Thirdly, people can make changes concerning their shopping, recycling and dietary habits.  Again, there is a financial element here, because for example buying organic food is undoubtedly more expensive, and therefore this may not be viable for those who are economically vulnerable.  Online food shopping has becoming increasingly popular, with most supermarket chains now offering deliveries, and (again conjecture) this is something many disabled people undoubtedly benefit from; the downside of this is that there is always a lot of plastic involved in whatever is delivered, whereas someone able to go to the supermarket would be able to choose loose fruit and so on.  But there are ways around this, the main supermarkets are slowly improving, and there are more independent companies now that deliver environmentally-friendly groceries and food.  So, as before, if it can be afforded, things like buying organic and cutting out plastic could be considered.  For myself, I use an independent company that delivers local, organic, sustainable and environmentally-friendly groceries, delivered either in compostable bags or brown paper bags; undoubtedly, this is more expensive, but I am fortunate enough to be able to meet this cost.  Likewise, when it comes to recycling, this is something that everybody can do, regardless of being disabled or not.  If a person is able to throw something in the bin, they are able to put it in the recycling bin (where appropriate).  If they are not able to throw something away themselves, because of a disability, then it is hopeful that they have someone to do it for them, be that a friend, family member or official carer.  That person can therefore use the recycling bin.  Personally, I recycle absolutely everything, and have a composter in my small garden for anything that can go in it. 

Finally, and probably the most controversial one in this category: changing dietary habits.  I am not going to argue that everybody should be vegetarian or vegan; especially for many disabled people, who have very specific diets and would not be able to cut out the protein and vitamins included in meat, fish and dairy, this would not be possible.  Physical health and how it relates to diet should be one of the more important priorities for any individual, disabled or not, therefore there should be no blanket advice.  However, if an individual (disabled or not) is able to reduce their meat consumption, especially red meat such as beef and lamb, even if only two or three days a week, then that is something that could be considered.  In the UK, only a 20% reduction of meat consumption, as well as a 20% reduction in agricultural land being taken out of meat production, is needed to reach our CO2 net zero target by 20507; based on a working week, this is only one meat-free day per week.  For me, I used to be an ardent meat eater, not because of disability issues but because I enjoyed it; however, over the last 10 years or so, I have been cutting down dramatically and, as of last year, I am now almost completely vegetarian and, many days of the week, vegan. 

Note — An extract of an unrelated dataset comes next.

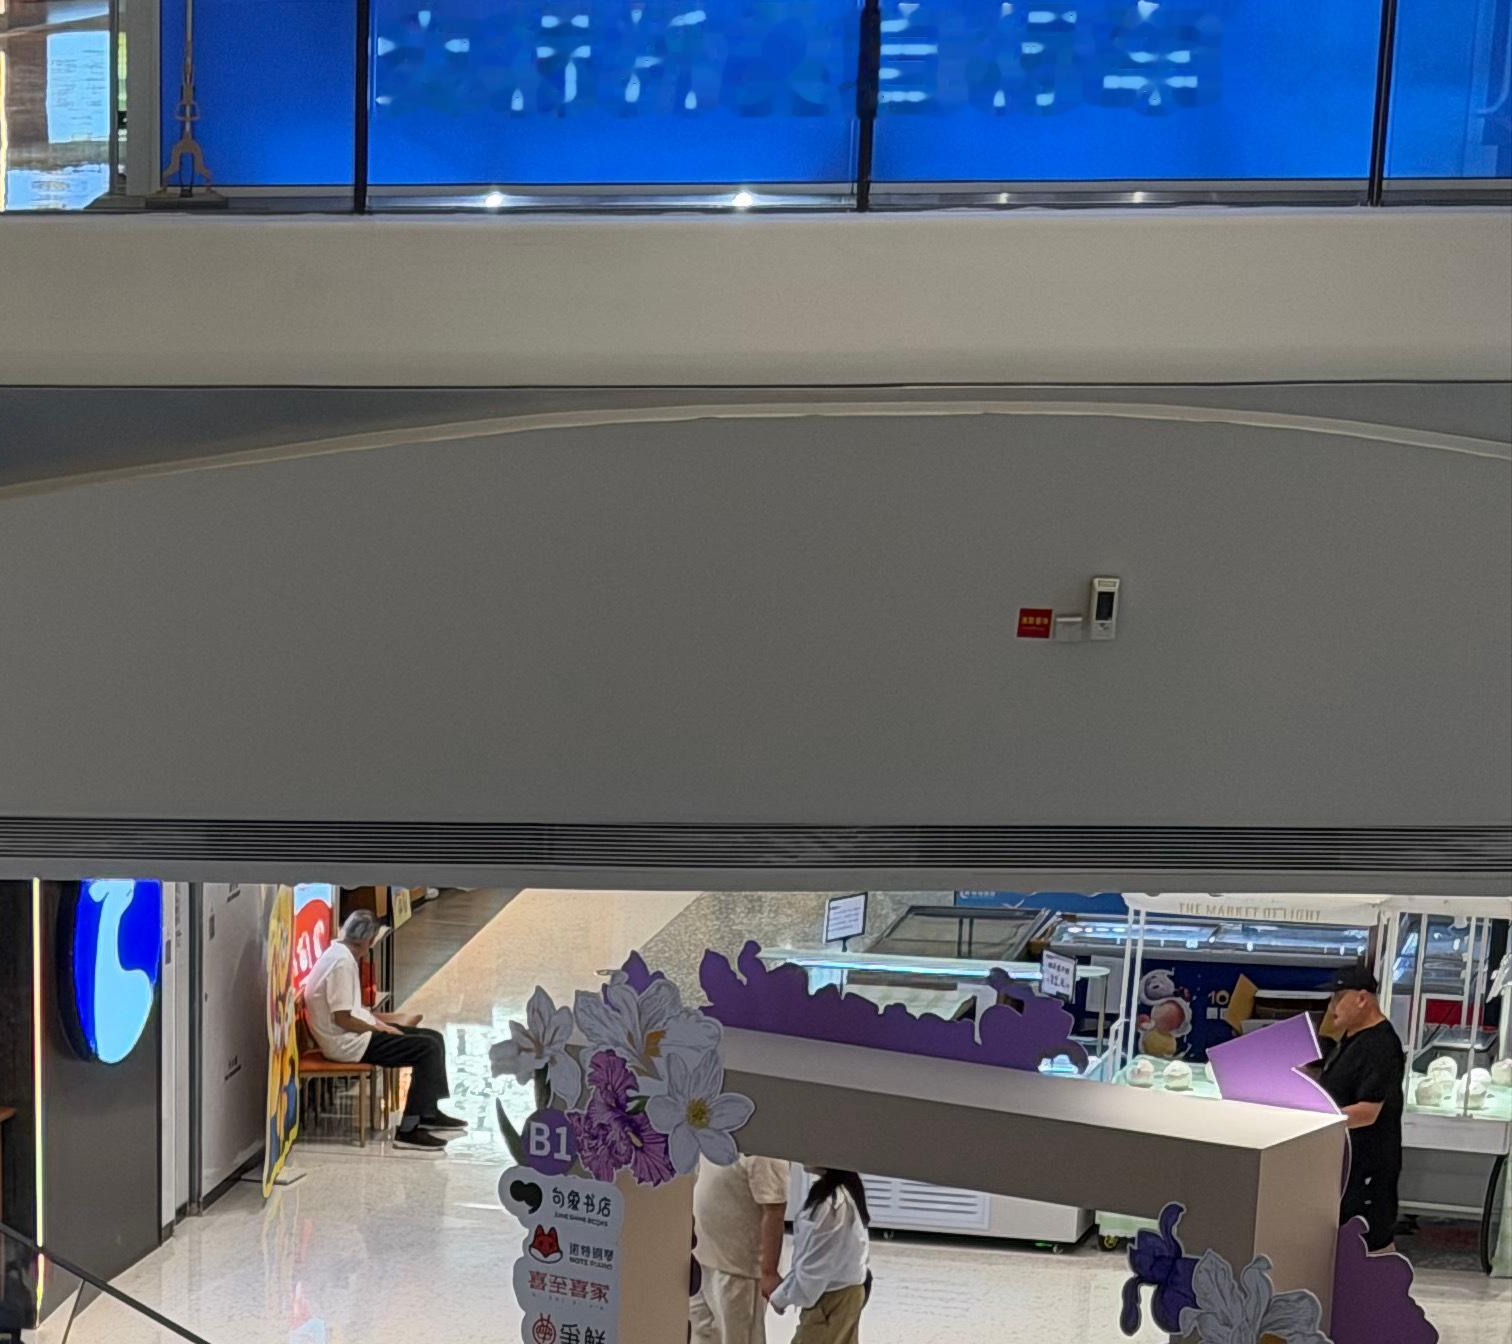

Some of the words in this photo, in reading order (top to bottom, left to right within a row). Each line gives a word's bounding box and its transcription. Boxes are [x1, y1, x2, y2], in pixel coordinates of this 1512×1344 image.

[1179, 902, 1201, 915] THE
[1206, 903, 1258, 918] MARKET
[529, 1121, 572, 1162] B1

Lastly, as discussed above, probably the most important thing that everybody can do, disabled or otherwise, is to simply talk about anthropogenic climate change and get involved in tackling it in some, even little, way.  I am not arguing that everybody needs to be an expert or even have a deep understanding of the subject, but even a mild interest is a step in the right direction.  For everybody able to, getting involved, even in a small way, is something that can be done by all, including disabled people.  It does not have to involve going on marches, blocking motorways or gluing oneself to railings, which many disabled people (including myself) would not be able to do physically.  But it can involve talking to people (such as friends and family members), talking about it on social media, and joining climate-related groups; the latter, in particular, has become easier since the COVID pandemic, with virtual meetings now commonplace, something which is much easier for many disabled people if they struggle to leave their home.

To end this post with some positivity, and indeed the way I ended what I wrote for the journalist, I believe there are many good reasons to be hopeful when it comes to tackling anthropogenic climate change, whoever the individual is and whether or not they have a disability.  The ways of doing what needs to be done are well understood, and the science is clear on how to do things like Carbon Capture and Storage or how to reduce our carbon footprint on an individual level.  The problem, and the concern, is the apparent lack of motivation and willpower to do these things, both at the individual and political level.  Unfortunately many of the above things that individuals can do will involve a loss of some sort (be it financial, social or personal lifestyle changes) and many people, such as those with disabilities, may not be able to manage that loss. Only time will tell if these attitudes will change; there has certainly been a dramatic shift in the last ten years, but this needs to continue.  At the political level, meetings such as COP26 will be vitally important, but again only time will tell if these result in actual action or just more discussion. 

References

1Powell, A. (2021).  ‘Disabled people in employment’.  House of Commons Library,
UK Parliament.  https://researchbriefings.files.parliament.uk/documents/CBP-7540/CBP-7540.pdf.  Accessed 16/10/21.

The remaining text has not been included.